ODM leader Raila Odinga during a past graduation ceremony. [File Standard]

Raila Odinga is so much part of the Kenyan fabric, and a few days without him being seen in public could raise speculation. And so it happened a few days ago. Yet rather than address emergent concerns, the Orange Democratic Movement’s excitable functionaries went ballistic against Wiper leader Kalonzo Musyoka and other opposition leaders, accusing them of peddling falsehoods about Raila’s health.

As blame and counter-blame were being traded, Mama Ida Odinga got ensnared in the ensuing vortex after she refuted claims that ‘baba’ was sick. However, the belated admission by Senator Oburu Oginga, Raila’s elder brother, that indeed Raila was sick and recuperating in India, has exposed the lack of social intelligence in ODM’s top hierarchy. Intellectual bankruptcy manifested in the wild chorus of condemnation by ODM leaders that addressed everything except the matter at hand.

For the record, days when governments and other authorities controlled news and gave alternative truths are long gone, consigned to the deep grave by the vibrancy of social media and highly educated populaces.
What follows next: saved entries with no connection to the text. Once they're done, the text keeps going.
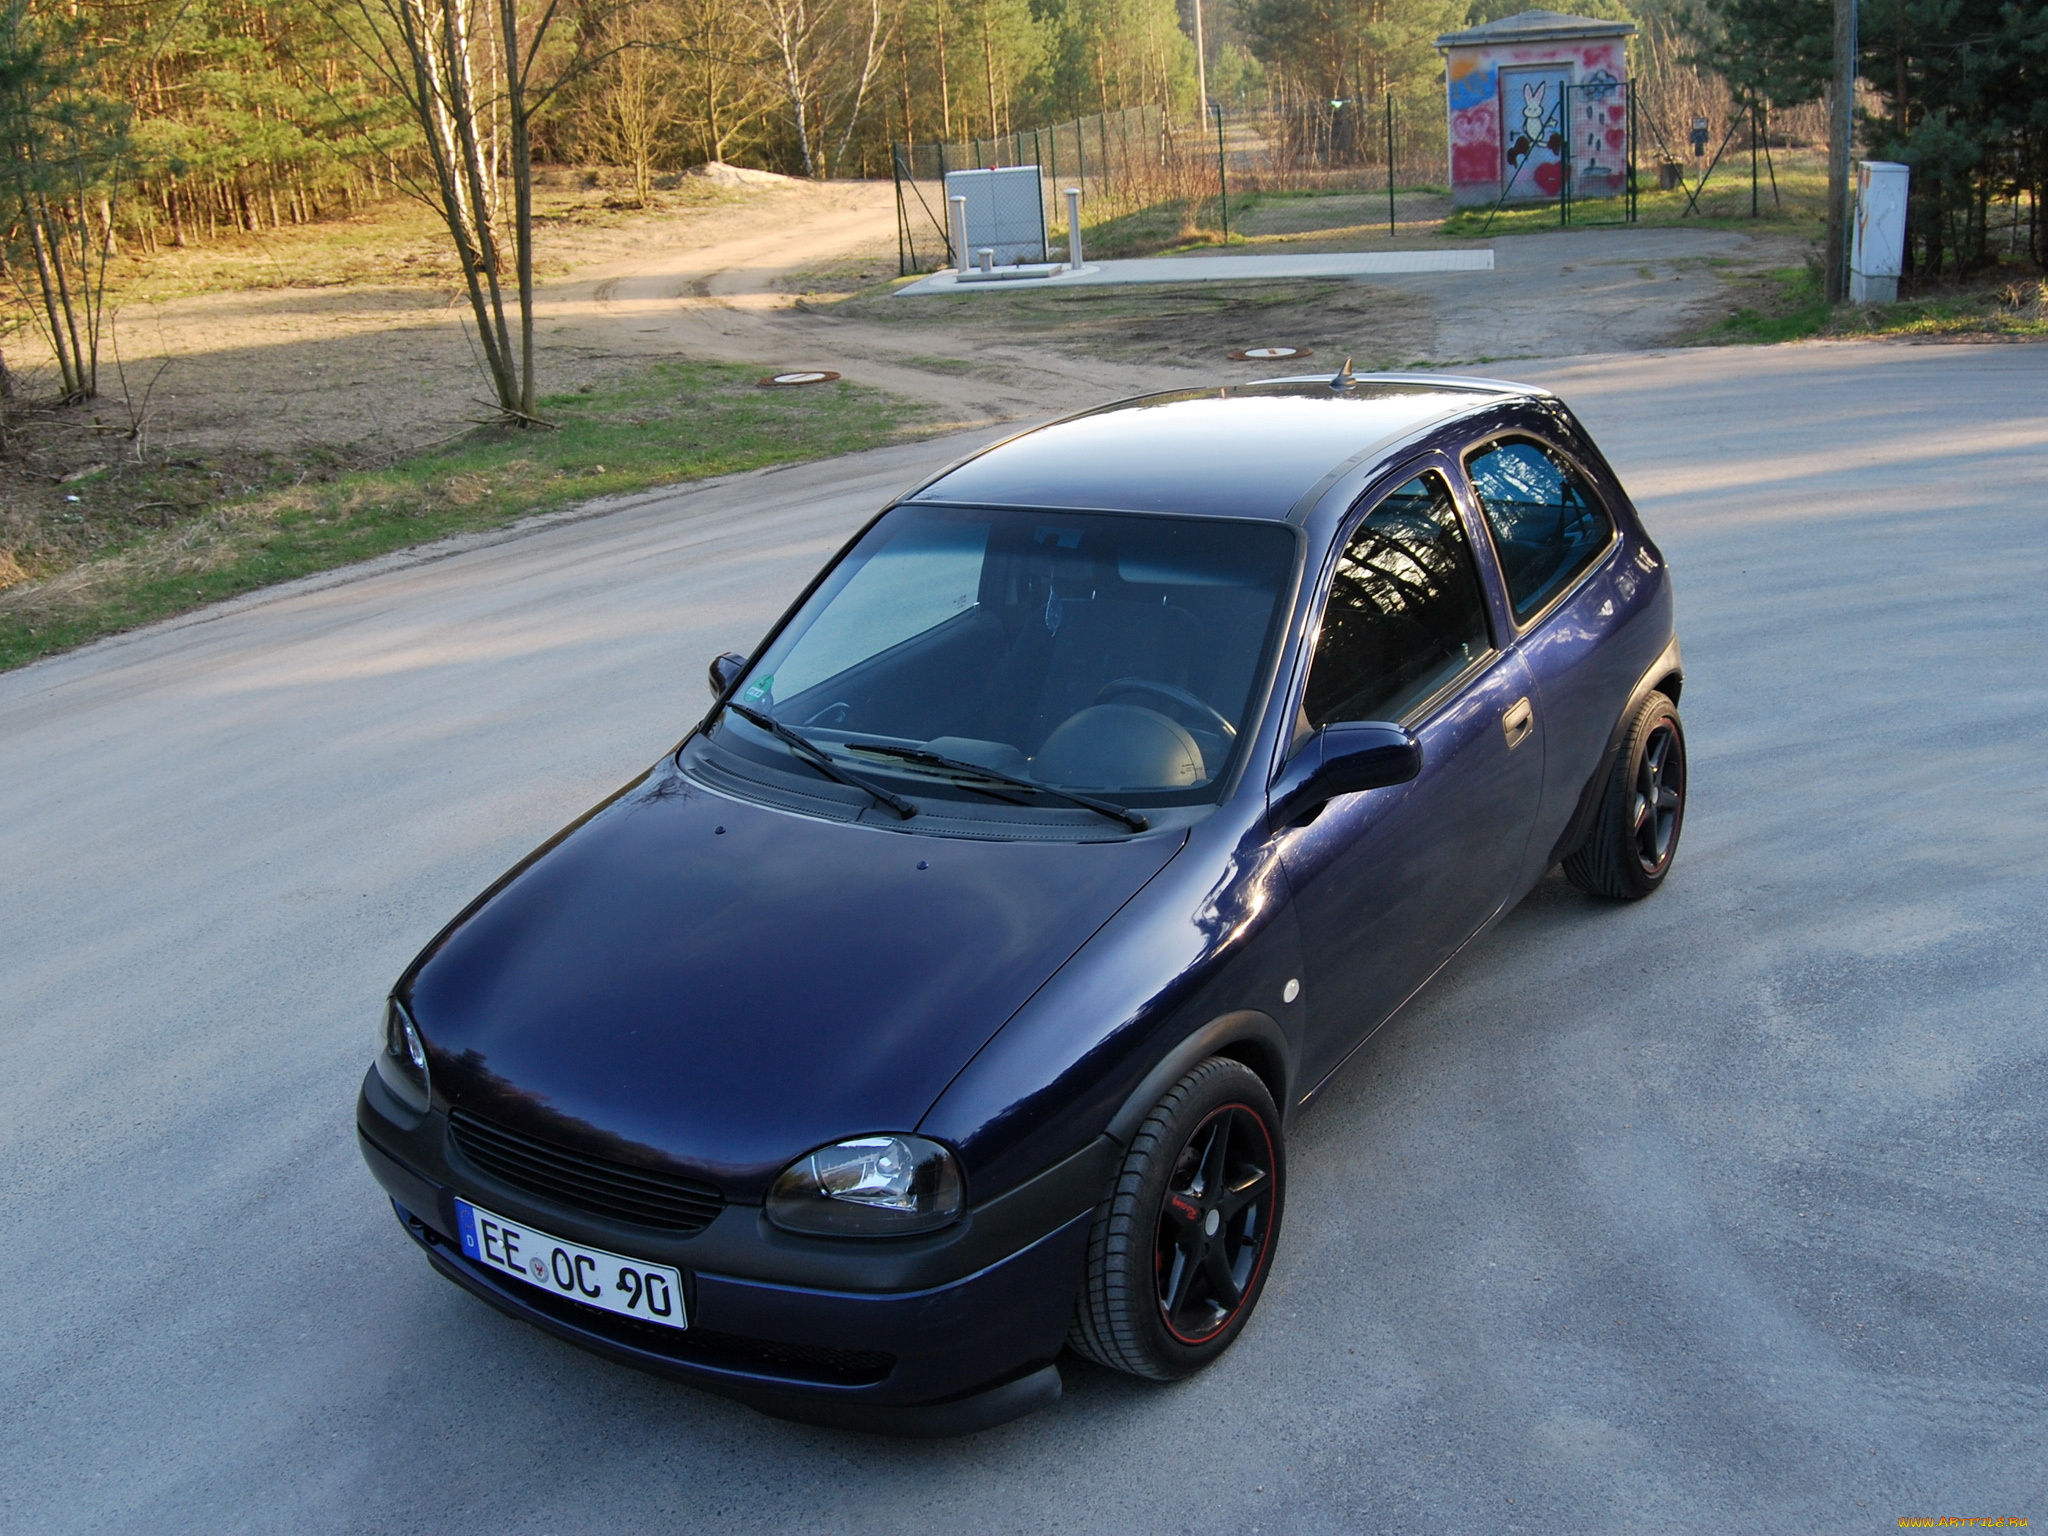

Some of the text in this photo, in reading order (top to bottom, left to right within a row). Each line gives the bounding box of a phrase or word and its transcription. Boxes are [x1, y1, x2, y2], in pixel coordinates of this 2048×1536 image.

[467, 1234, 475, 1247] D
[481, 1218, 672, 1317] EE OC 90
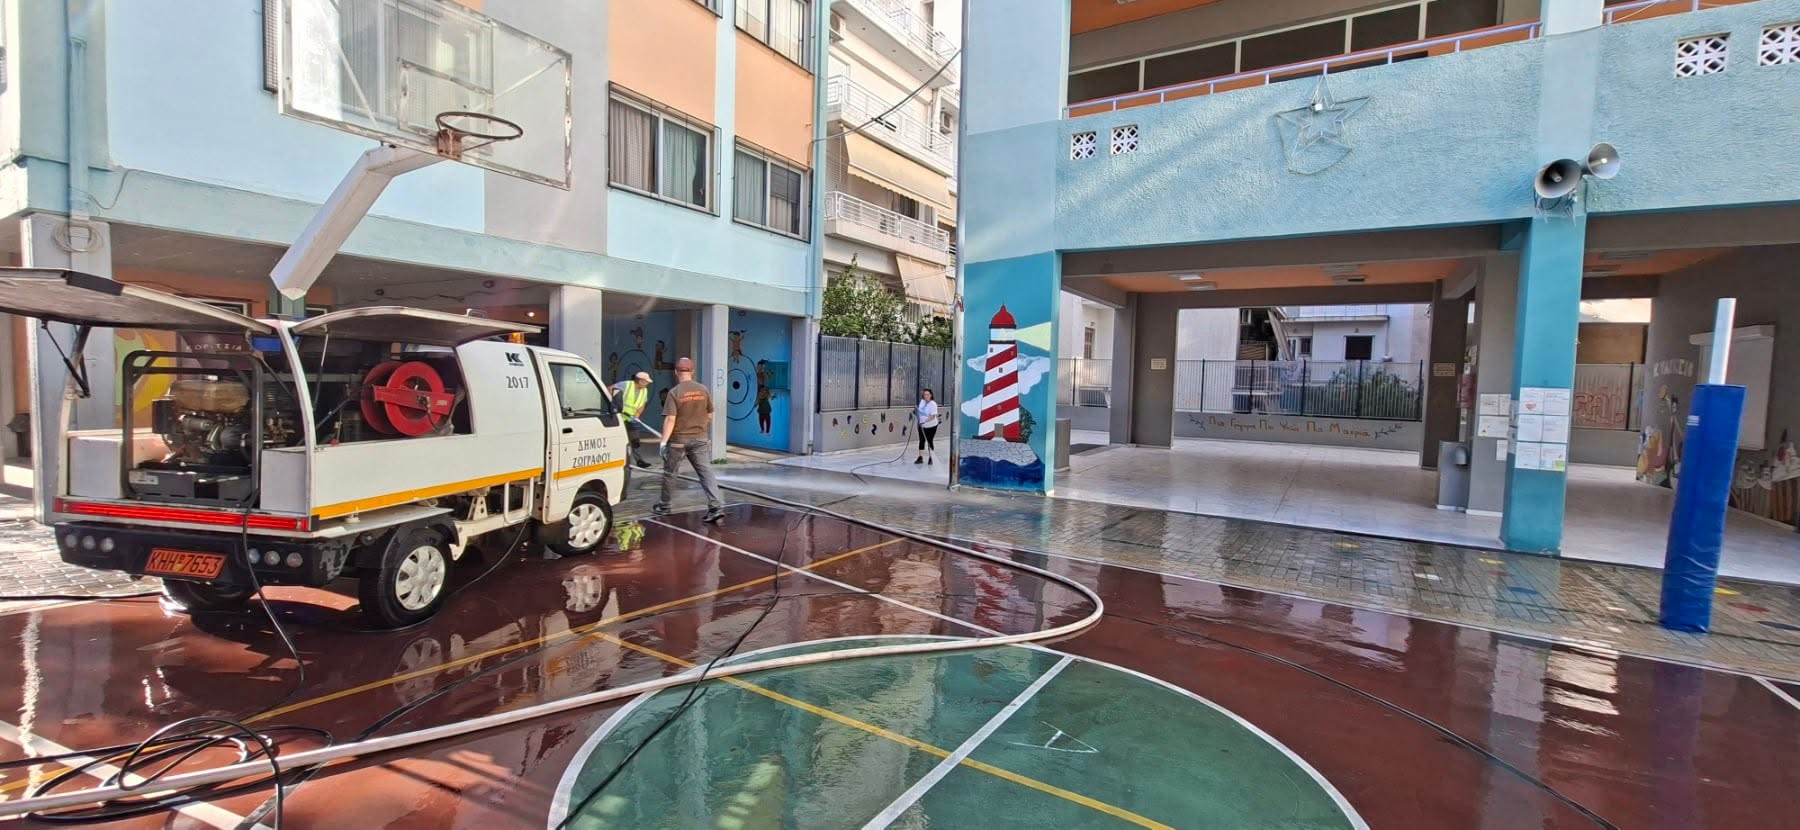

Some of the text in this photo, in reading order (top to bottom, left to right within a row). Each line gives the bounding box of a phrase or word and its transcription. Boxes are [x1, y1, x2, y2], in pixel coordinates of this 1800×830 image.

[506, 376, 529, 389] 2017
[578, 437, 607, 452] ΔΗΜΟΣ
[573, 451, 611, 469] ΖΩΓΡΑΦΟΥ
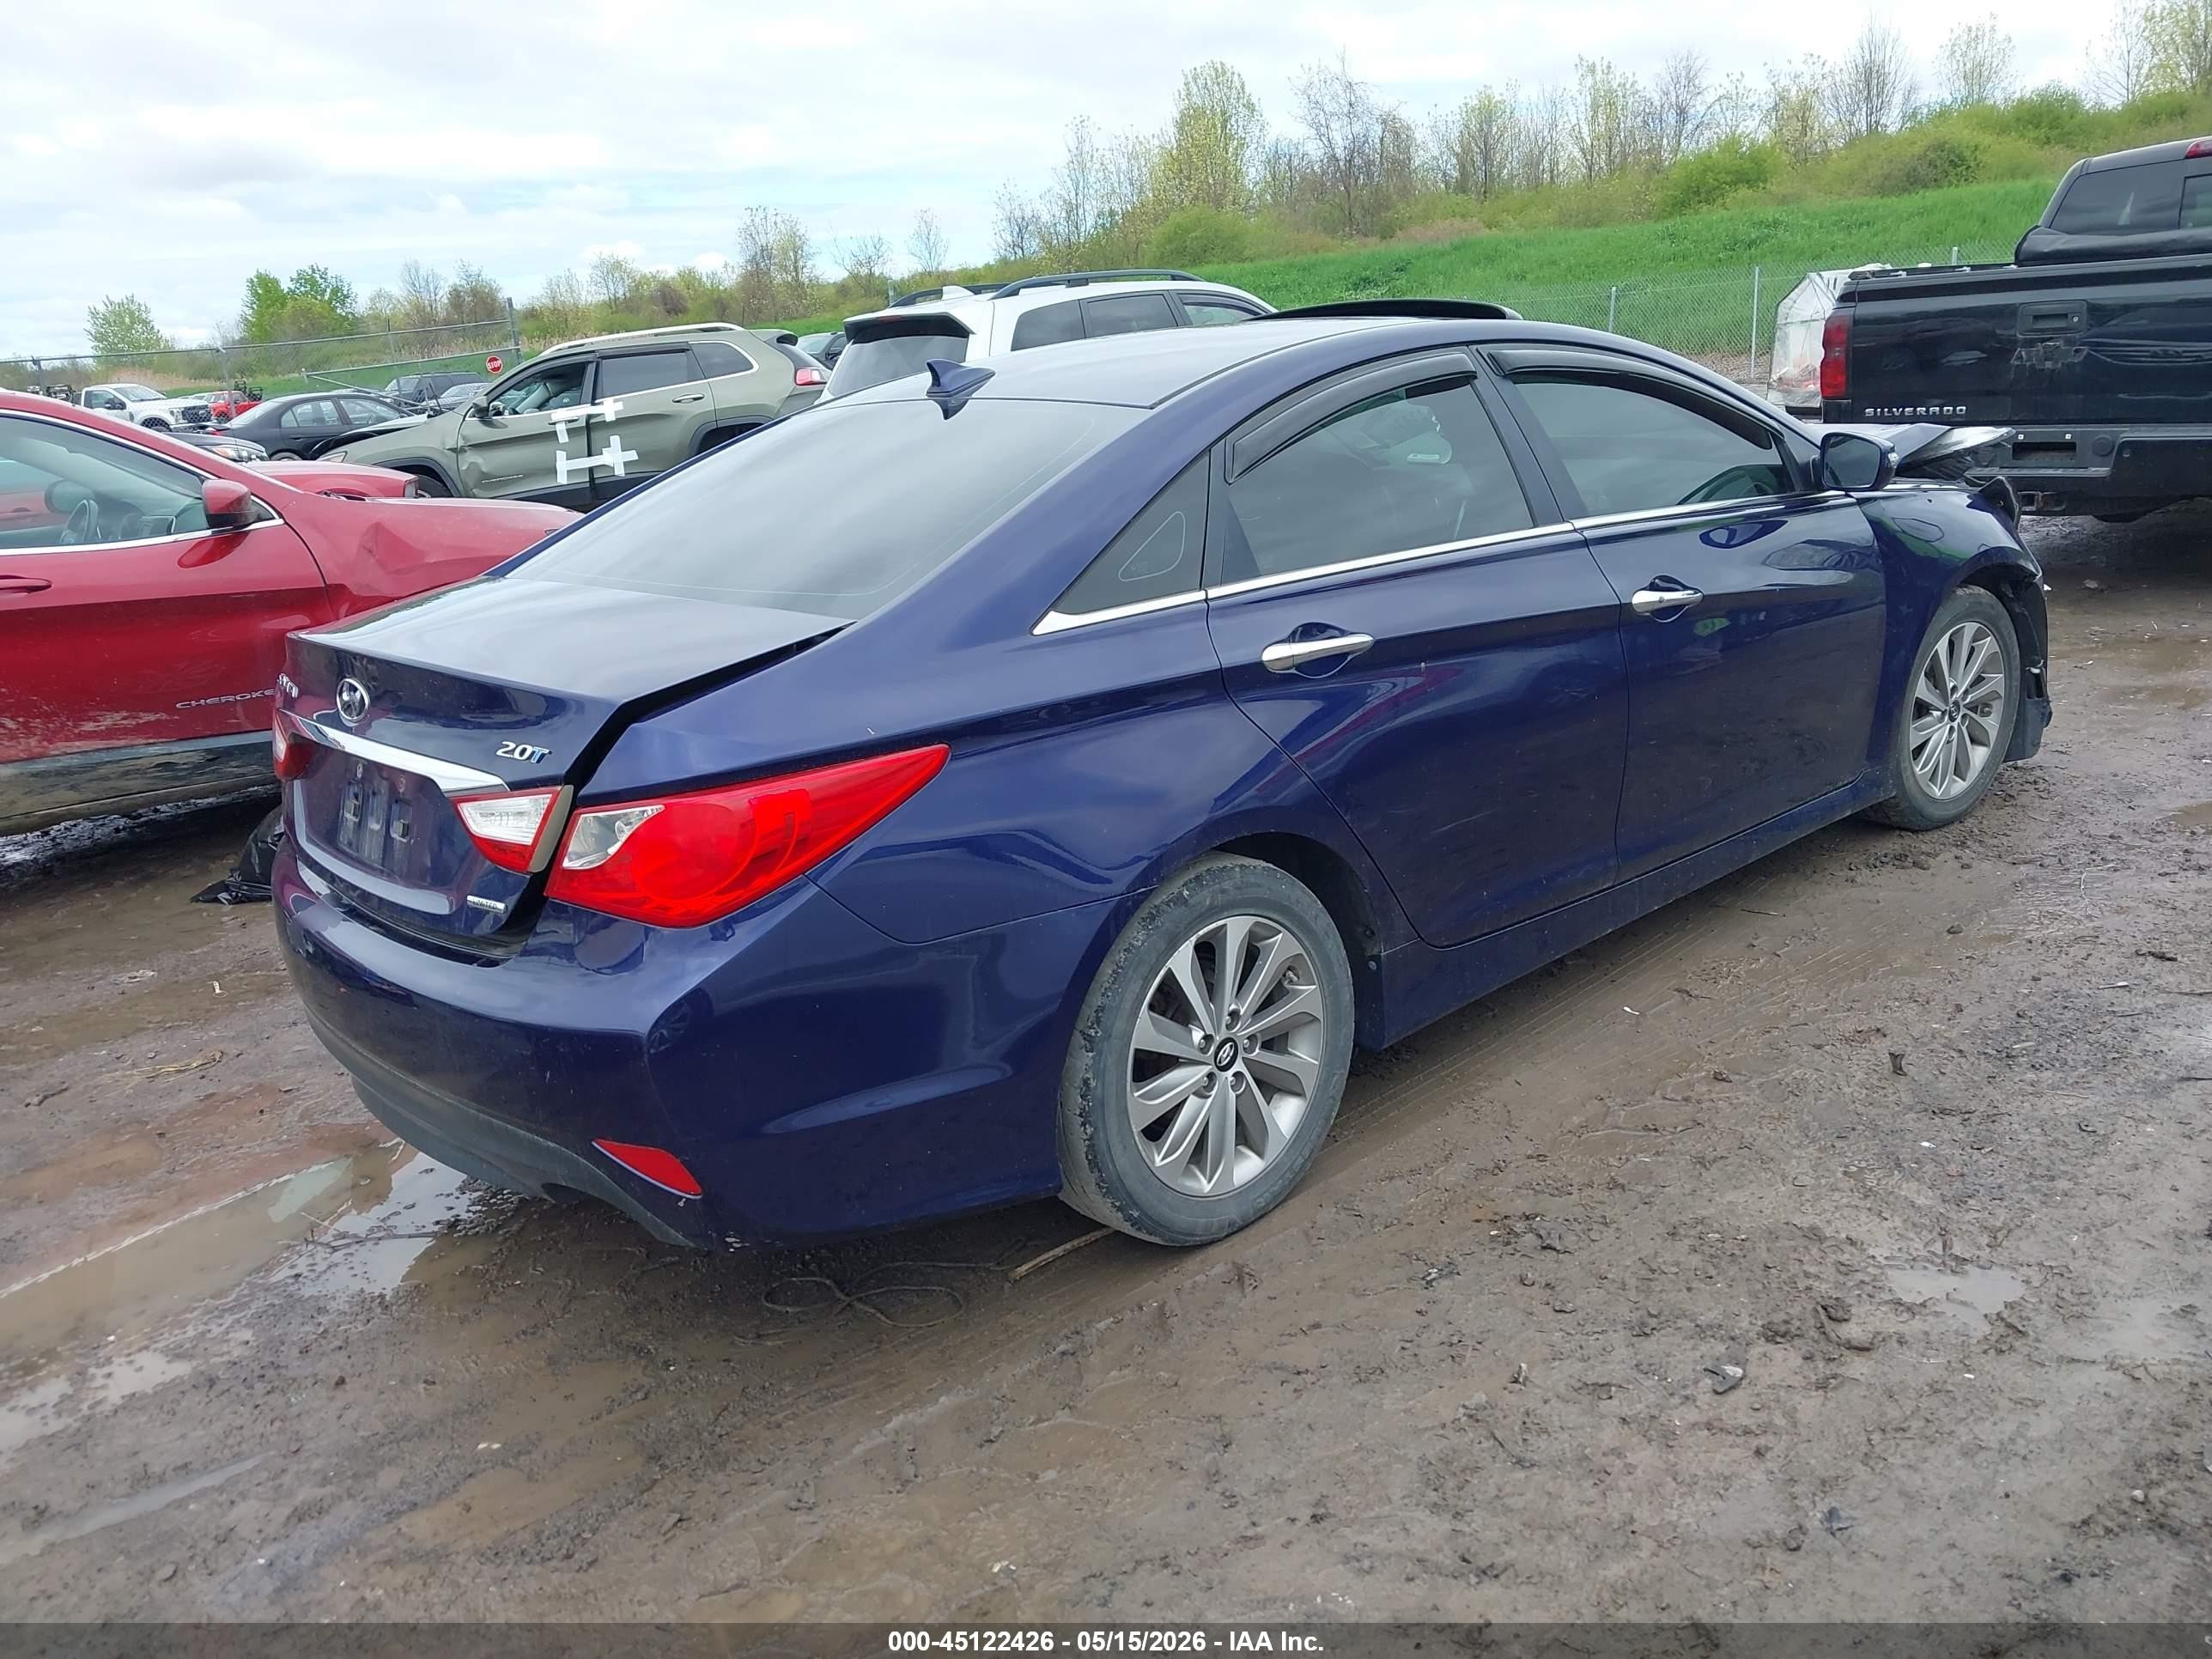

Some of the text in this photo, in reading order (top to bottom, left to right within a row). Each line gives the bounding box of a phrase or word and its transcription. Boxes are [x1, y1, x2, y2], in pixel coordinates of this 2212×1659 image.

[487, 360, 502, 369] STOP
[1864, 406, 1966, 416] SILVERADO
[175, 688, 275, 709] CHEROKE
Hiding the health status of a leader is an outdated practice that predates the 17th century. Leaders are human, they are not gods, and can fall sick. There is nothing to hide or get uptight about. Furtiveness as a defence fuels inimical speculation, more than candidness.

The Romans, for instance, hid the health statuses of their leaders because they believed sickness signalled the anger of the gods and revealing that a leader was sick could lead to repercussions, such as coups or assassinations. It was therefore necessary to hide such information to stop enemies from taking advantage of a leader’s vulnerability to strike. We do not live under such dispensation today. 

Poignantly, Raila’s sickness and recourse to seeking treatment abroad shines the spotlight on our floundering health services, especially now that the Social Health Authority has failed to meet high public expectations. Mama Ida claimed she would have taken Raila to Migori hospital for treatment if he were sick, but no, he was flown to India. Our leaders’ lack of faith in local hospitals is telling enough; an affirmation that our public health services are wanting.  

Add that to the prolonged medical workers’ strike in Kiambu County, the fact that Busia Referral Hospital lacks both an ambulance and ICU unit, and the sad reality that hospitals routinely detain dead bodies and patients unable to pay hospital bills, and the sorry state of our health services becomes clear. Falling sick in Kenya today is the shortest route to poverty. Endless overpriced medical tests in private facilities and unrealistic daily bed charges will bankrupt one as easily as a hot knife going through butter.

Unbelievably, Kiambu Governor Kimani Wamatangi recently downplayed the four-month doctors’ strike. His denials, however, only confirmed the sorry state of health services in the county. In his address to the County Assembly on the state of the county, Wamatangi boasted that more than six million people are treated in the county’s hospitals annually. With Kiambu’s population of 2,417,735 people by the 2019 population census results, these figures are not reassuring. Is everybody in Kiambu so sick they must visit a hospital at least three times a year? If half the population is sick, it makes an average of six visits to hospital annually. 

This high number of patients plays squarely into claims that Kiambu hospitals lack drugs among other claims by the Kenya Medical Practitioners, Pharmacists and Dentist Union. The medical workers went on strike to protest poor working conditions, shortage of doctors, delayed payment of salaries, lack of promotions and failure by the county government to remit their union dues amounting to Sh10 million.

Both tiers of government must tweak our health services. If SHA were to work as originally envisaged, it would be wonderful. The truth, however, is that the noble idea has been sabotaged by avaricious individuals to a point of failing to serve the people it was meant to serve. With only four million of the registered 26 million people paying their SHA subscriptions, there is a problem that must be remedied.